An elderly couple, the Fords, were the previous owners of the house. They spent the winters in Florida and didn’t put much money into the house up here in Rochester for several decades. Everything in the house screamed 1975. No updates. All of the appliances were old, old, old.

After we moved in, we updated various parts of the house when we could, but we weren’t millionaires. We had to prioritize. Sometimes it was by necessity when some old system (bathroom tiling, furnace, AC, oven, linoleum, etc.) reached its limit. The old, beige GE refrigerator in the kitchen was already laboring pretty hard when we bought the place. Every year, it struggled a little bit harder to keep the food cold. The recommended fridge temperature is 40F, but even with the settings set to the max, our fridge’s temp was about 50F (and even higher on warm days) according to the small thermometer we kept inside. On a hot summer day, if we didn’t have the air conditioning running, the ice cream in the freezer would partially melt. My wife and I put off buying a new fridge as long as possible, our budget is very tight these days, but a few weeks ago another bowl of partially-melted ice cream was the last straw. It was time to go refrigerator shopping.

I really don’t like to shop, but it had to be done. We spent an entire afternoon at the local Home Depot and Lowes big-box stores getting an education about refrigerators. My wife preferred a side-by-side model, but we were somewhat constricted by space because of a cabinet over the fridge area that would only accommodate models under 69″ high, which ruled out many options. The sales people at the two stores said delivery would be at least a month or six weeks away because the pandemic has played havoc with the new appliances supply chain.

I returned home with a headache from the shopping blitz. A relative suggested we try a smaller, family-owned appliance store in town; Charlotte Appliance. We drove to the store the next morning and they had one Whirlpool side-by-side model left. We jumped on it. Badda bing, badda boom. Three days later the new fridge was delivered and installed (top photo).

My wife and I are so appreciative that the food in the new fridge is actually COLD and the ice cream is frozen SOLID. Whoopee!!!

As a semi-humorous aside, whenever I heard/read Revelation 3:15-16 and its mention of “lukewarm” the last ten or so years, I thought of our struggling GE fridge and its lukewarm/lukecold food.

Postscript: Sorry, I should have included a “before” photo of our old GE jalopy fridge.

Sometimes calamities are a matter of only a fraction of an inch!

Sometimes in this life, little things, even VERY little things, can have BIG consequences. I’ve related previously that our house is surrounded by oak trees; our trees and also our neighbors’ trees, many of which bend over our property. The result is a MASSIVE amount of oak leaves that fall into the yard in October-November-December and must be cleaned up by “moi.” In May-June, a large amount of “catkins” (i.e., tree flowers) fall from the trees. What happens in both circumstances is the roof gutters become completely clogged up and when it rains the downspouts become plugged and the rainwater seeps over the gutters, filling the basement window wells, and then coming in through the windows and flooding into the basement.

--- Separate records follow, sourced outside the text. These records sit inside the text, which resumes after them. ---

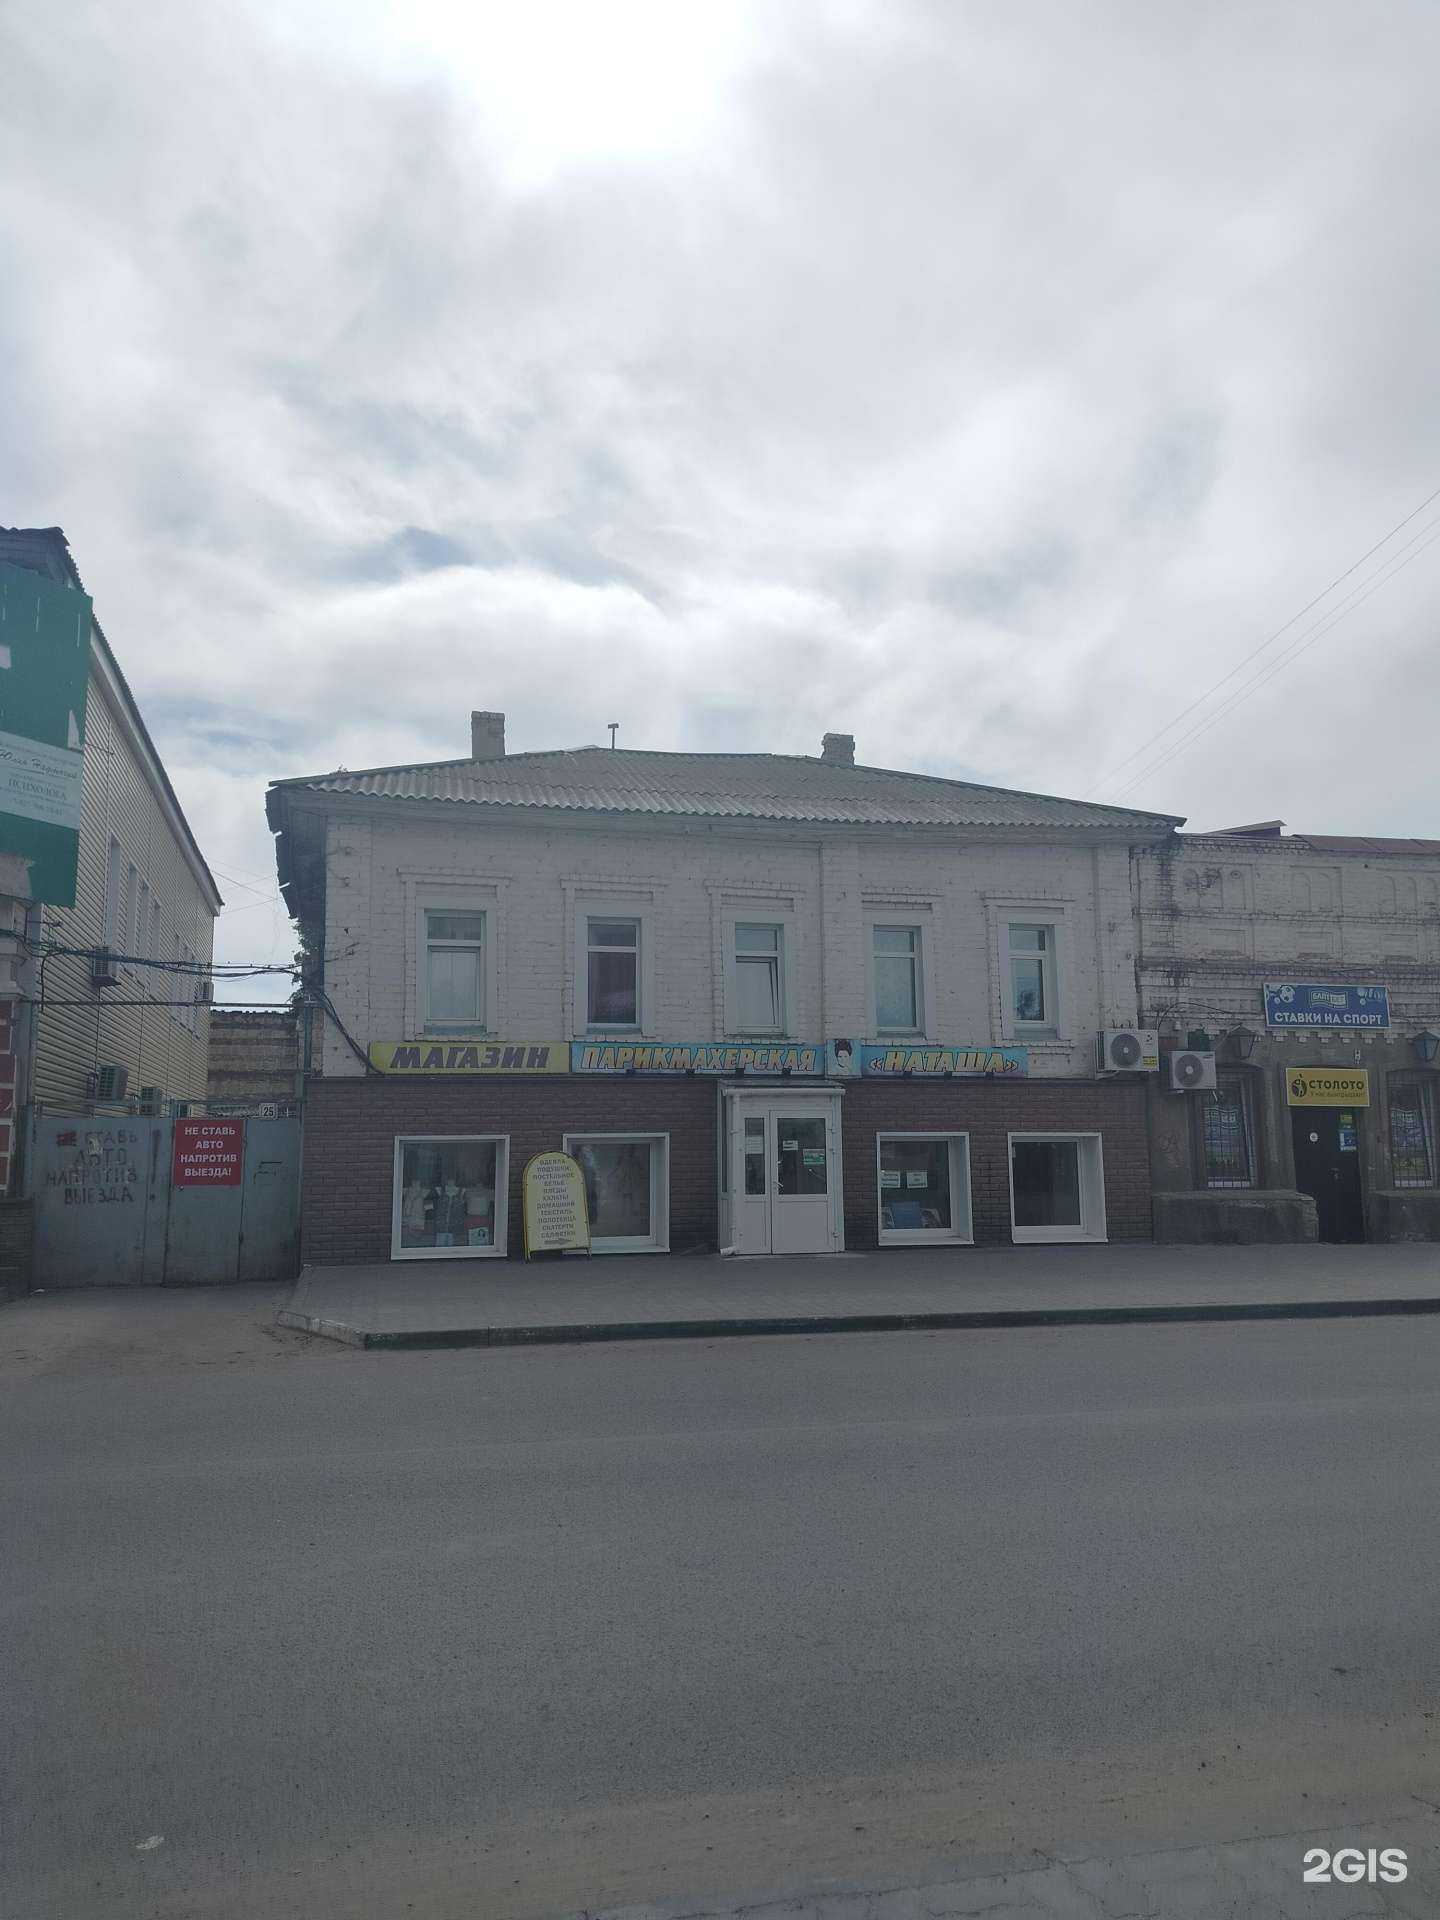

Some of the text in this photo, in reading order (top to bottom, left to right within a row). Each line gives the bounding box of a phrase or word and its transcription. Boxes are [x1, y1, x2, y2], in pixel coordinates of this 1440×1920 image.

[1274, 1012, 1382, 1025] СТАВКИ НА СПОРТ
[389, 1047, 550, 1069] МАГАЗИН
[581, 1046, 816, 1072] ПАРИКМАХЕРСКАЯ
[870, 1051, 1019, 1073] «НАТАША»
[1309, 1080, 1365, 1090] СТОЛОТО
[263, 1104, 274, 1117] 25
[184, 1126, 236, 1136] НЕ СТАВЬ
[195, 1140, 224, 1149] АВТО
[180, 1153, 238, 1163] НАПРОТИВ
[184, 1167, 232, 1178] ВЫЕЗДА!
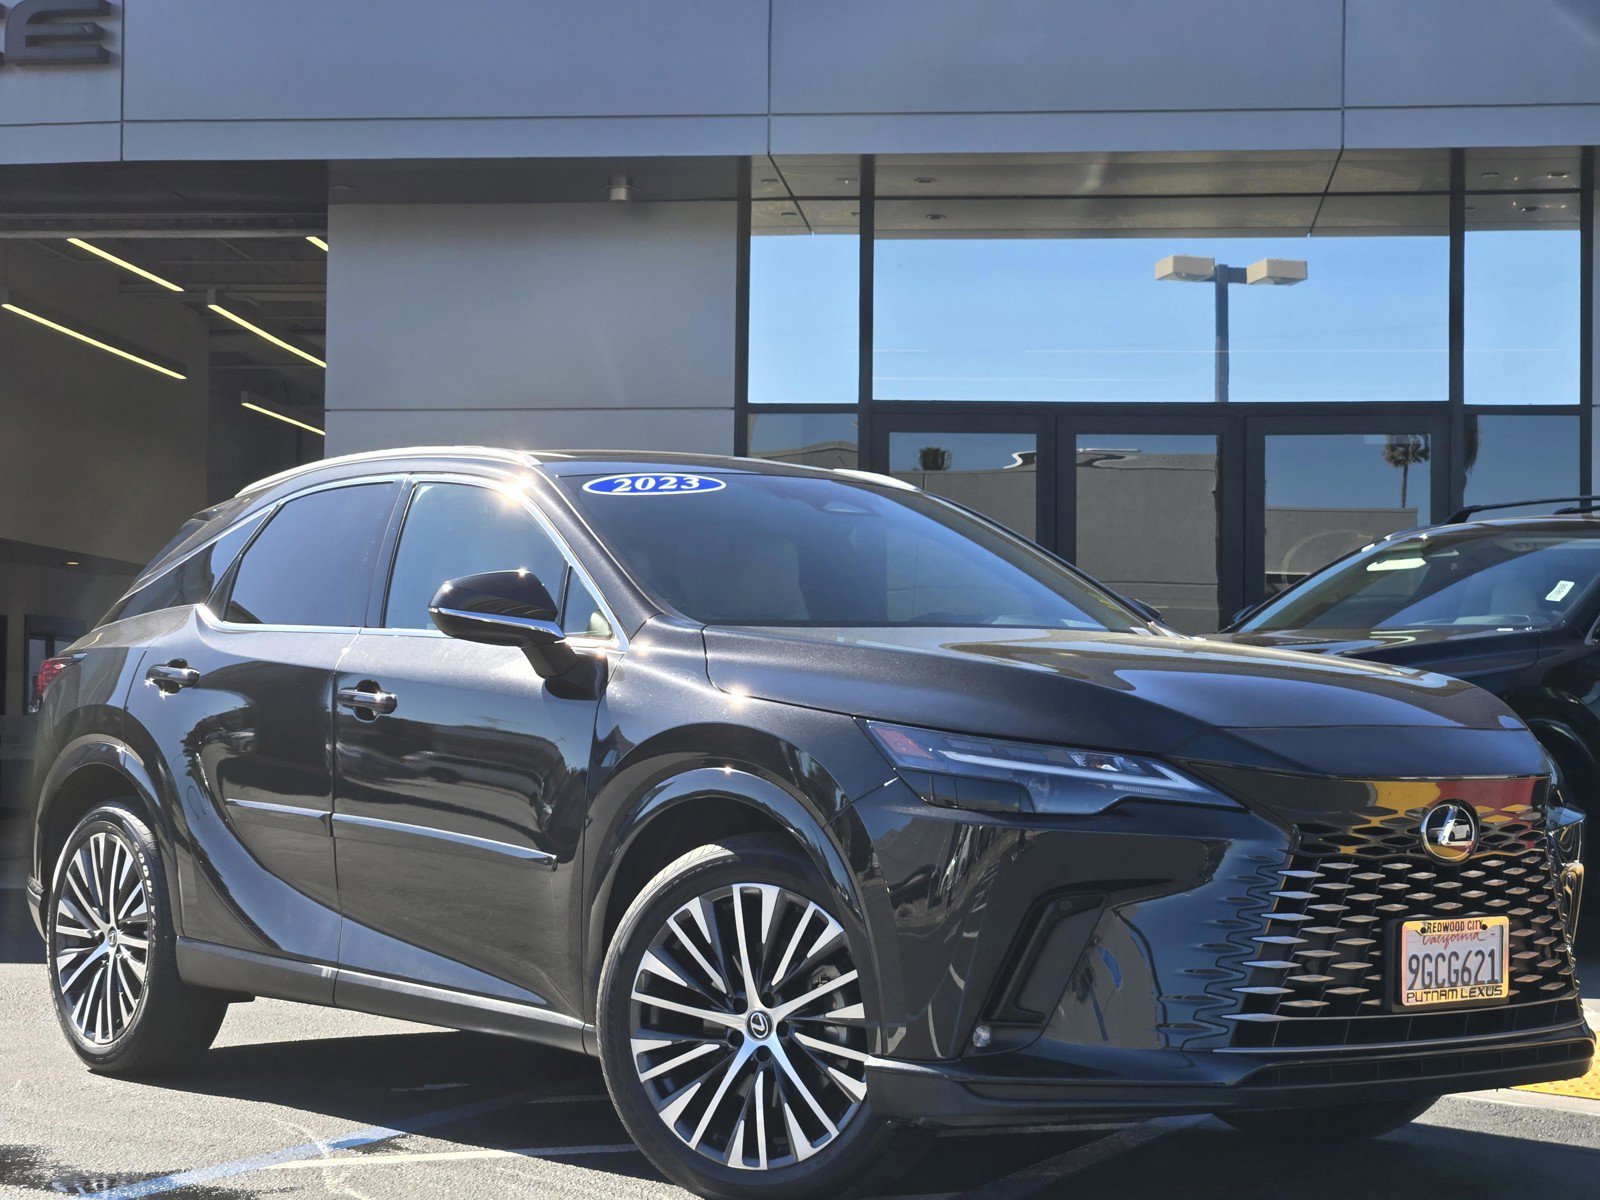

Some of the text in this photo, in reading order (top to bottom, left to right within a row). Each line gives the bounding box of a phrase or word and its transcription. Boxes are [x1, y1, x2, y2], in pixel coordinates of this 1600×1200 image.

[611, 476, 700, 493] 2023
[1427, 919, 1484, 933] REDWOOD CITY
[1407, 948, 1499, 991] 9GCG621
[1406, 984, 1503, 1003] PUTNAM LEXUS
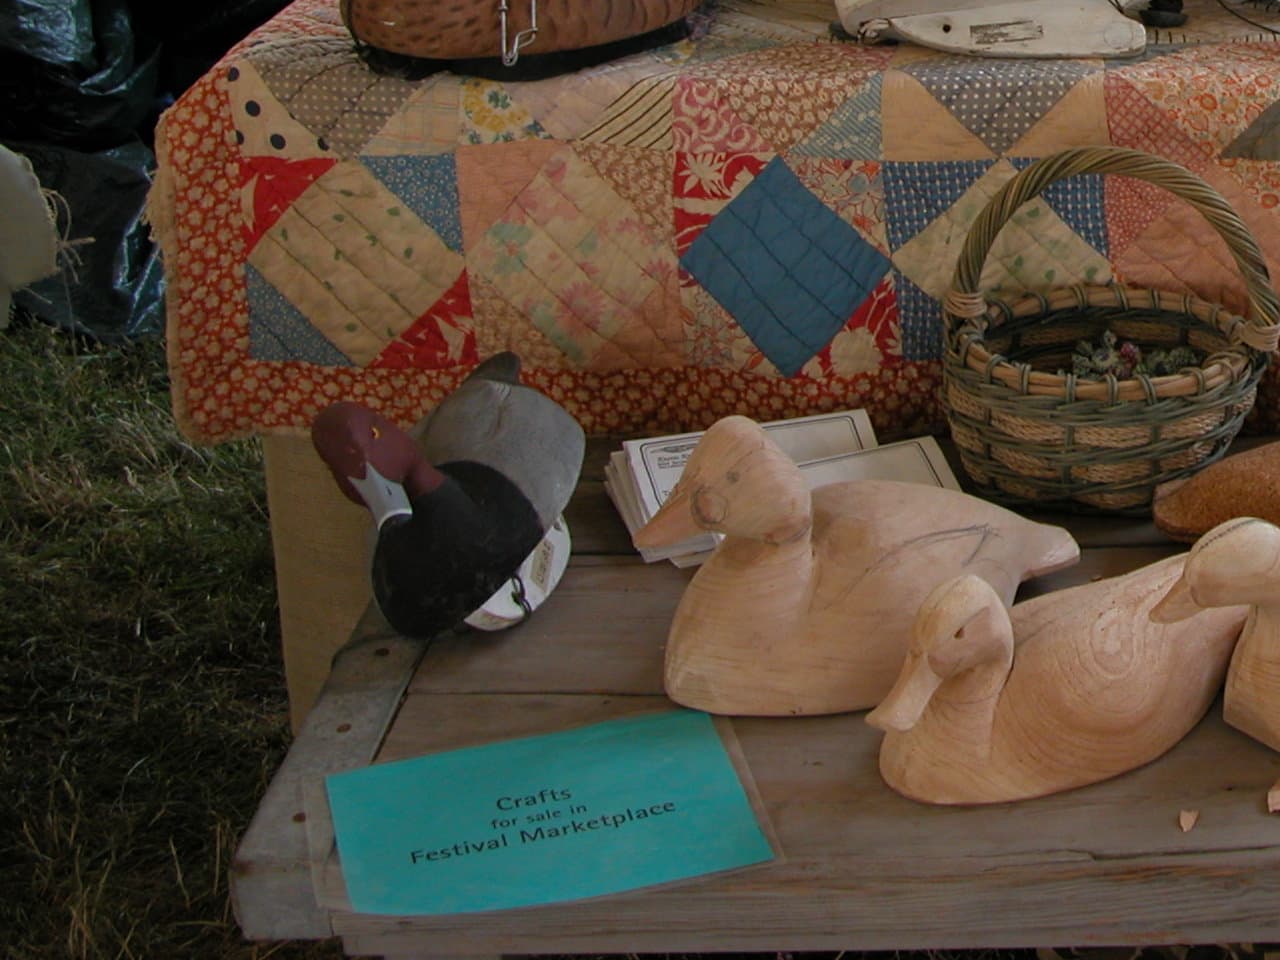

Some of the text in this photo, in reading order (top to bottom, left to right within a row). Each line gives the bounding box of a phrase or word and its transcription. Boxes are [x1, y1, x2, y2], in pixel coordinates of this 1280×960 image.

[496, 788, 573, 811] Crafts
[491, 804, 588, 830] for sale in
[410, 800, 677, 864] Festival Marketplace
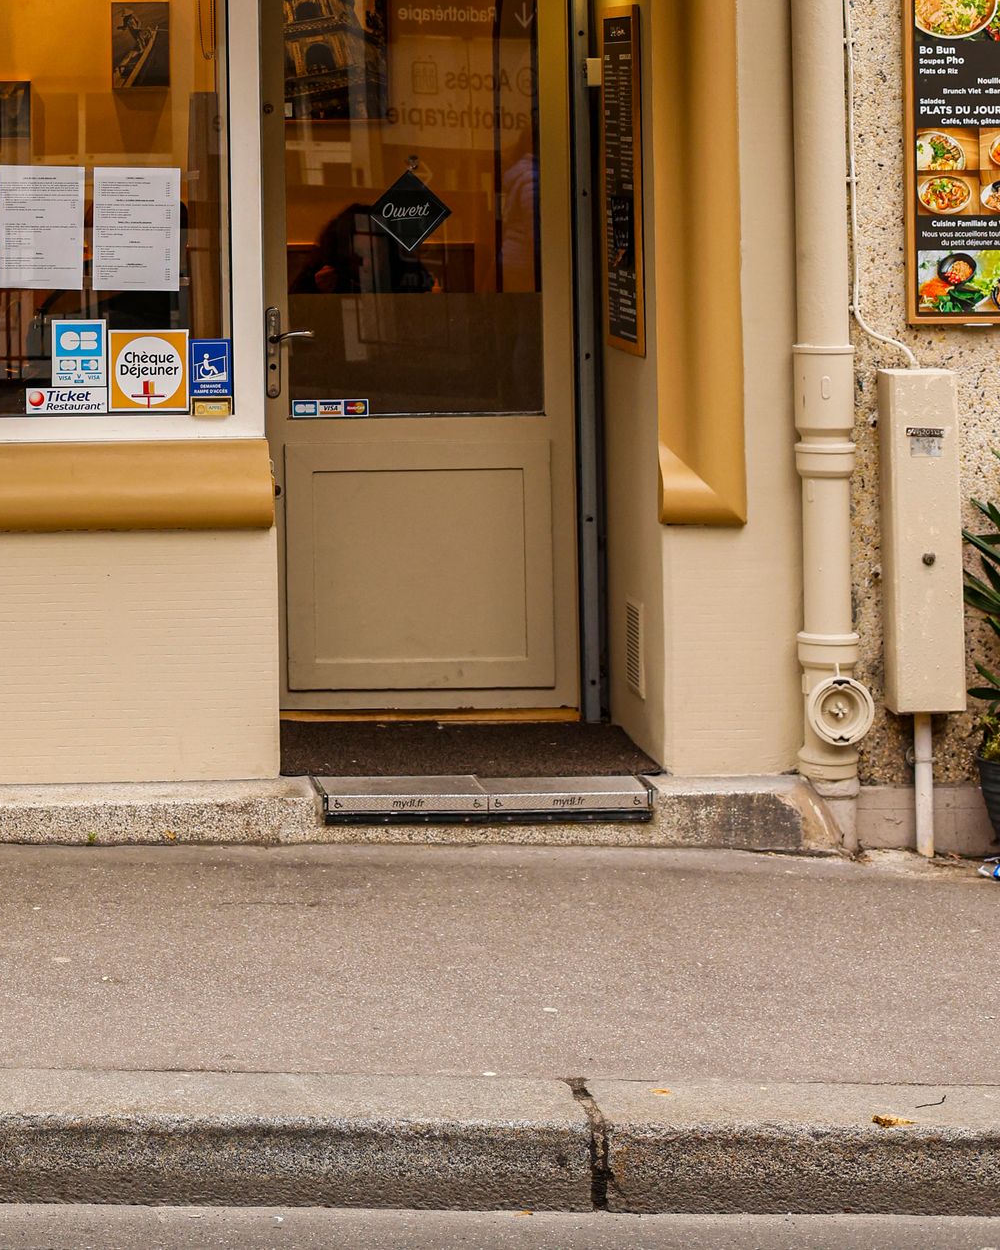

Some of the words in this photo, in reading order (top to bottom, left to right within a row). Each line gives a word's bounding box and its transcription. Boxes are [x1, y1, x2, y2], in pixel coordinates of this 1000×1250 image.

I have to be extremely meticulous about keeping our gutters cleaned out during both time periods, otherwise I will end up mopping up the water on our basement floor, not an easy task with all of the stuff we store down there. Praise the Lord for our shop-vac! Despite my determined efforts to keep the gutters free of debris, I’ve had to clean up water on the basement floor at least once per year since we moved in fifteen years ago.

I did a very thorough job of cleaning the catkins out of the gutters this past May-June so when we had a torrential downpour while I was at work a couple of weeks ago, I wasn’t too worried about it. But when I got home, I checked the basement and, sure enough, a good amount of rain water had seeped in and was on the floor. I immediately checked the suspected downspout and it was clear. Huh? So how did that happen? Well, I had a strong suspicion.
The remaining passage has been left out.